- Release poster
- Genre: Science fiction; Horror;
- Created by: Hirotaka Adachi
- Written by: Hirotaka Adachi
- Directed by: Yūzō Satō (chief); Chien Yi Lin; Yu Cheng Wang; Mntn Chang; Grace Chen;
- Creative director: Tomokazu Osawa
- Voices of: Nolan North; Ali Hillis; Robbie Daymond; Eugene Byrd; Nadine Nicole;
- Composer: Ryuichi Sakamoto
- Countries of origin: Japan; Taiwan;
- Original language: English
- No. of seasons: 1
- No. of episodes: 8

Production
- Executive producer: Taiki Sakurai
- Producer: Yutaka Omatsu
- Cinematography: Haruhide Ishiguro
- Editor: Yusuke Ueno
- Running time: 24–45 min
- Production companies: Tatsunoko Production Studio 5inc Bakken Record

Original release
- Network: Netflix
- Release: October 13, 2022

= Exception (TV series) =

Science fiction horror anime series

Exception (stylized as e∞ception) is a science fiction horror original net animation (ONA) series based on an original story by Hirotaka Adachi with character designs by Yoshitaka Amano, music by Ryuichi Sakamoto, and directed by Yūzō Satō.

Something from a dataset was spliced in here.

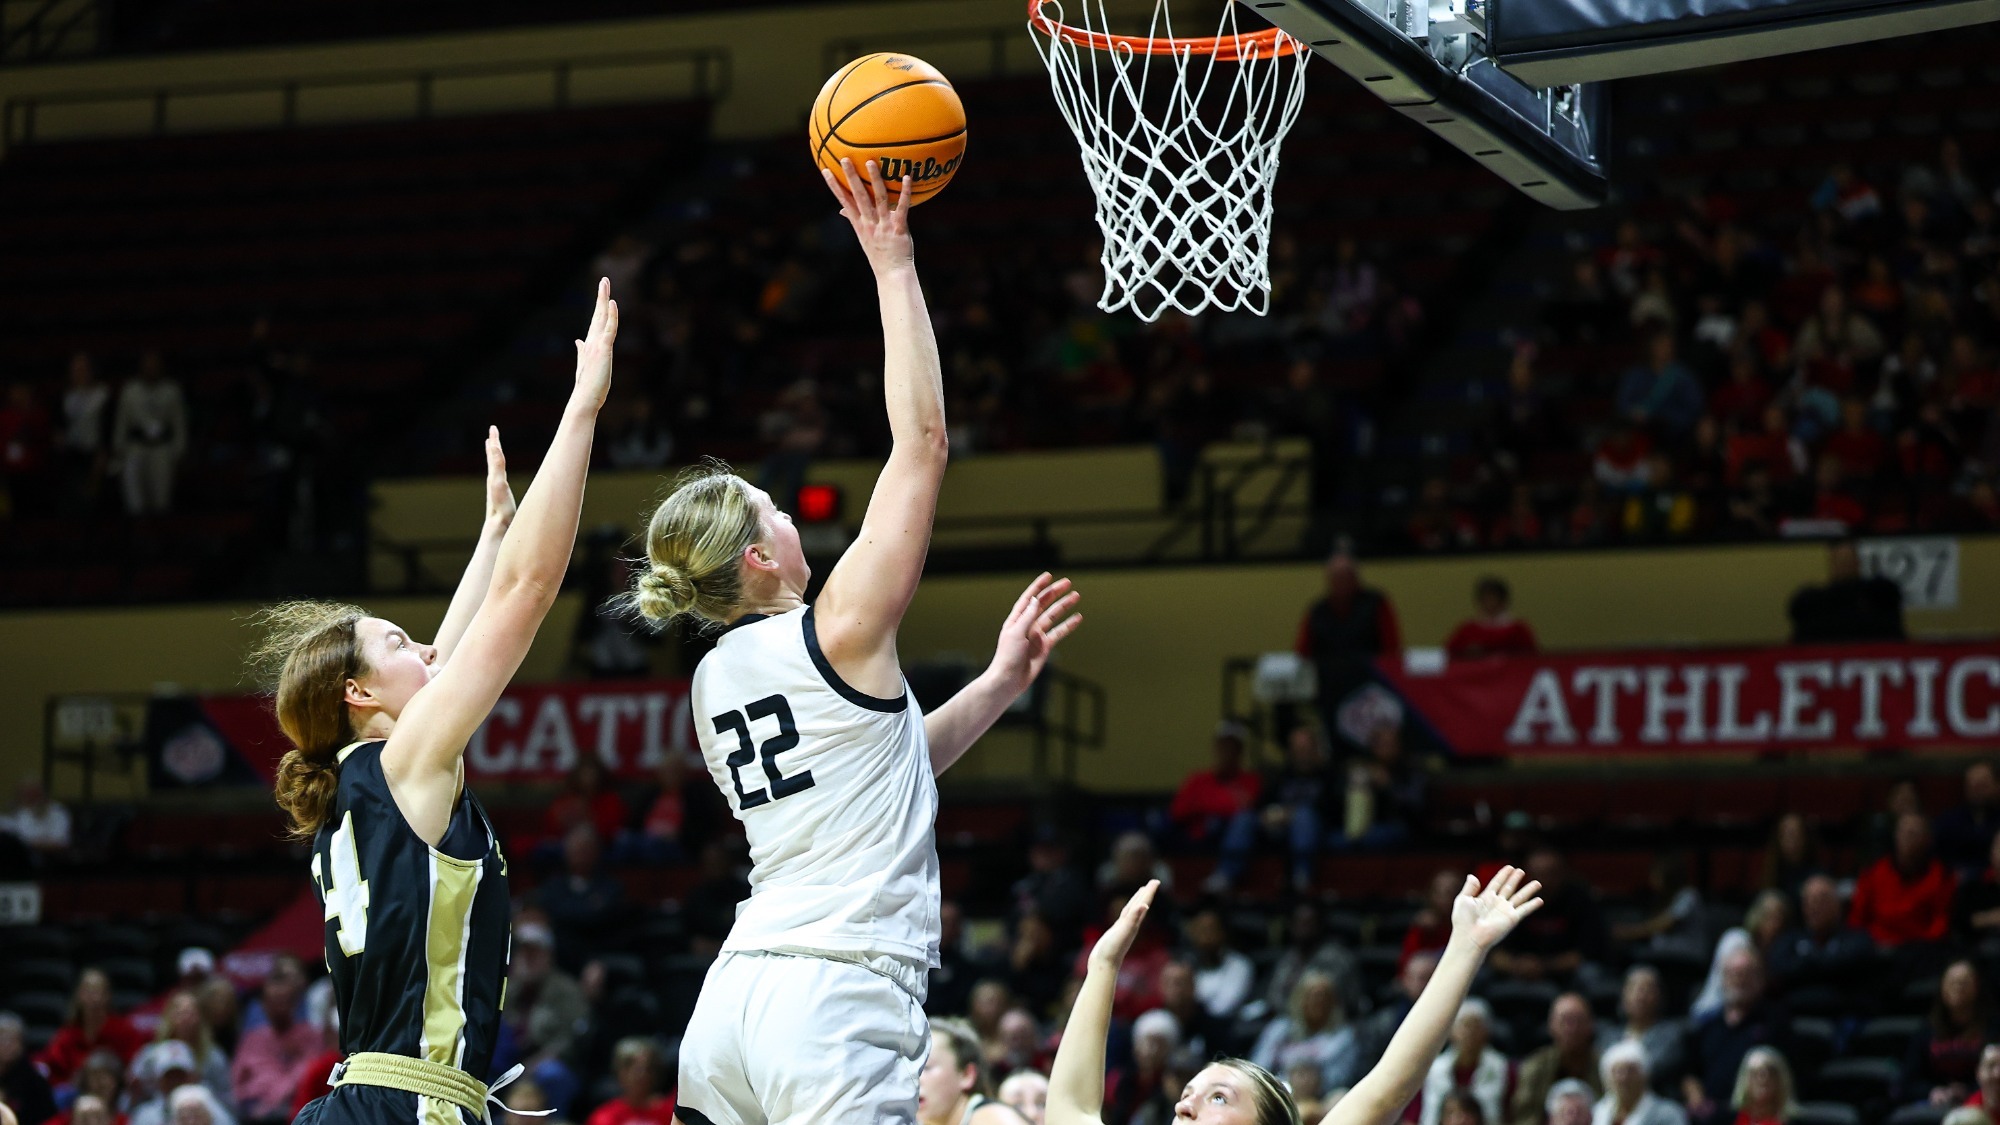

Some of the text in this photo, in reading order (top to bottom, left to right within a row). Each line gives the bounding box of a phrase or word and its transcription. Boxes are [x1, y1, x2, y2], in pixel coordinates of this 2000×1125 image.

[880, 151, 963, 182] Wilson
[1506, 655, 2000, 745] ATHLETIC
[711, 693, 816, 811] 22

The series was released on Netflix on October 13, 2022.

== Premise ==
Humans are searching a new solar system for potential new planets to terraform after being forced to leave Earth. To explore a potential planet, "Womb", a 3D biological printer creates an exploration team one individual at a time to pilot spacecraft. However, a fatal exception causes one crew member, Lewis, to be misprinted as a deformed monster that could potentially pose a threat to the rest of the crew. A new, successful printing of Lewis joins the crew to help in the situation, which raises philosophical questions of humanity, self, and life.

== Characters ==
- Lewis

- Nina

- Mack

- Oscar

- Patty

== Episodes ==
All episodes were written by Hirotaka Adachi and directed by Yūzō Satō with Chien Yi Lin, Yu Cheng Wang, Mntn Chang and Grace Chen as assistant directors.

| No. | Title | Storyboards by | Original release date |
|---|---|---|---|
| 1 | "Misprint" | Field Liu, Ying Chia Chu, Chang Ching Chen | October 13, 2022 |
| 2 | "Hunger" | Jin Cheng Ye | October 13, 2022 |
| 3 | "Contact" | Field Liu | October 13, 2022 |
| 4 | "Collusion" | Field Liu | October 13, 2022 |
| 5 | "Investigation" | Field Liu, Ying Chia Chu, Chang Ching Chen | October 13, 2022 |
| 6 | "Betrayal" | Ying Chia Chu | October 13, 2022 |
| 7 | "Survival" | Field Liu, Ying Chia Chu, Chang Ching Chen | October 13, 2022 |
| 8 | "Gravitation" | Jia Li Cheng | October 13, 2022 |

== Production and release ==
Netflix first announced the project as part of their Geeked Week in June 2021. Hirotaka Adachi wrote a new science fiction horror story, and the character designs were done by Yoshitaka Amano, who designs the characters for Final Fantasy games. The series is directed by Yūzō Satō. At the next year's Geeked Week, Netflix released the first look at some of the series art and character designs. A trailer was released in September 2022, revealing that Ryuichi Sakamoto composed the music for the series as well as the main Japanese and English cast members.

The series debuted worldwide on October 13, 2022.

== Reception ==
The art and design for Exception were especially praised thanks to the work of Yoshitaka Amano. The CGI animation itself, however, did receive some criticism for having a low-budget appearance. The story and the music were also spoken highly of.

=== Accolades ===
The episode "Misprint" from Exception was nominated for an Annie Award for Directing in an Animated Television/Broadcast Production in 2023.